(SOURCE MATERIAL begins)

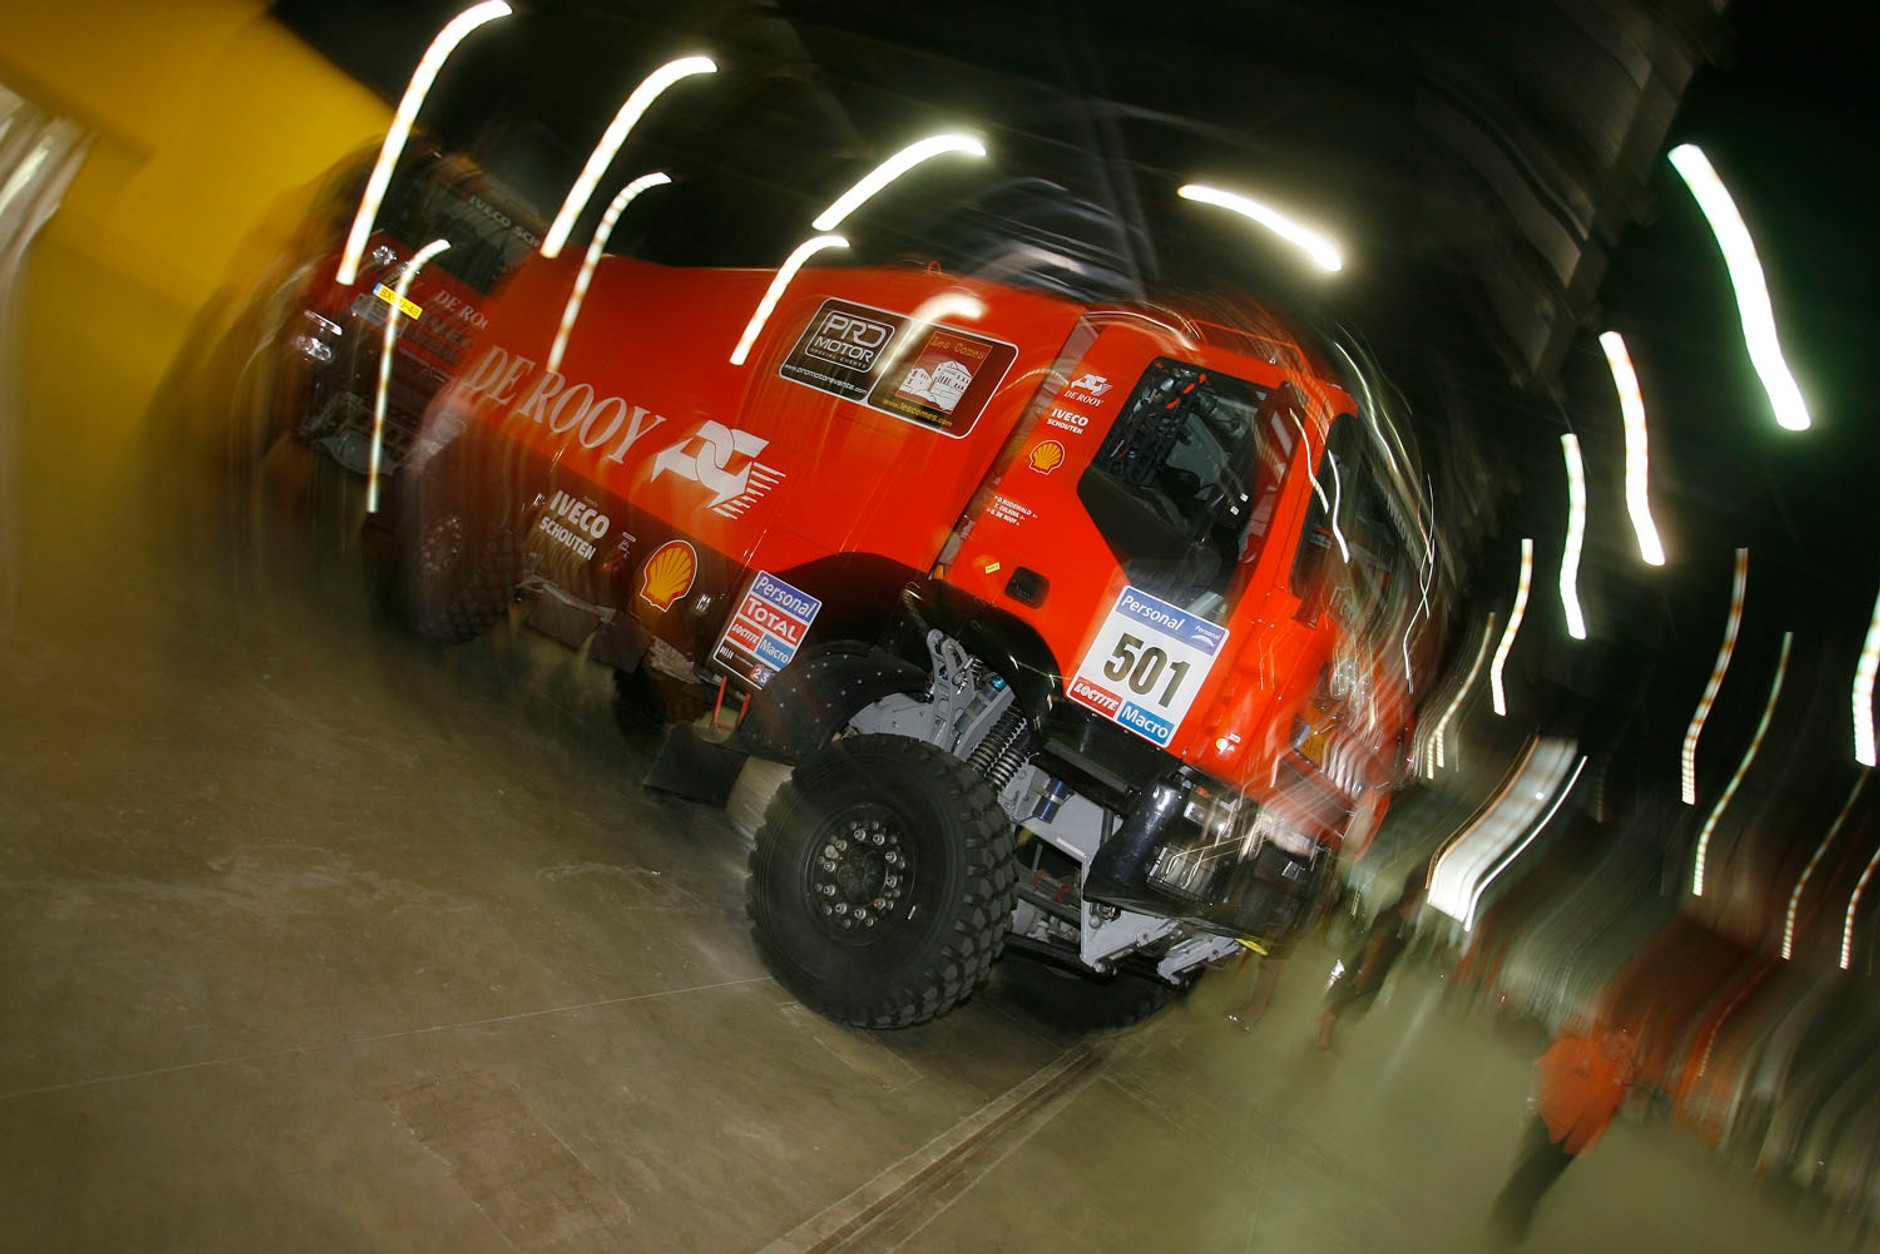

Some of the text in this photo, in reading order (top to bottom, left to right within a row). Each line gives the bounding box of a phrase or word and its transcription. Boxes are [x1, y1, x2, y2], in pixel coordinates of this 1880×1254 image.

[433, 289, 456, 312] DE
[814, 336, 874, 362] MOTOR
[465, 345, 667, 464] DE ROOY
[1064, 389, 1104, 407] DE ROOY
[1046, 418, 1084, 434] SCHOUTEN
[1051, 408, 1089, 426] IVECO
[550, 489, 610, 539] IVECO
[539, 516, 596, 560] SCHOUTEN
[756, 577, 817, 618] Personal
[746, 600, 797, 642] TOTAL
[1121, 595, 1185, 631] Personal
[732, 623, 760, 644] LOCTITE
[1194, 625, 1221, 641] Personal
[760, 640, 789, 663] Macro
[1103, 632, 1191, 708] 501
[1073, 682, 1119, 712] LOCTITE
[1121, 705, 1169, 739] Macro

(SOURCE MATERIAL ends)

WHAT YOU HAVE TO DO
The entries should be printed again exactly as written, leaving all pictures out.

ANSWER TO THE PROBLEM
Some of the text in this photo, in reading order (top to bottom, left to right within a row). Each line gives the bounding box of a phrase or word and its transcription. Boxes are [x1, y1, x2, y2], in pixel coordinates of this 1880×1254 image.

[433, 289, 456, 312] DE
[814, 336, 874, 362] MOTOR
[465, 345, 667, 464] DE ROOY
[1064, 389, 1104, 407] DE ROOY
[1046, 418, 1084, 434] SCHOUTEN
[1051, 408, 1089, 426] IVECO
[550, 489, 610, 539] IVECO
[539, 516, 596, 560] SCHOUTEN
[756, 577, 817, 618] Personal
[746, 600, 797, 642] TOTAL
[1121, 595, 1185, 631] Personal
[732, 623, 760, 644] LOCTITE
[1194, 625, 1221, 641] Personal
[760, 640, 789, 663] Macro
[1103, 632, 1191, 708] 501
[1073, 682, 1119, 712] LOCTITE
[1121, 705, 1169, 739] Macro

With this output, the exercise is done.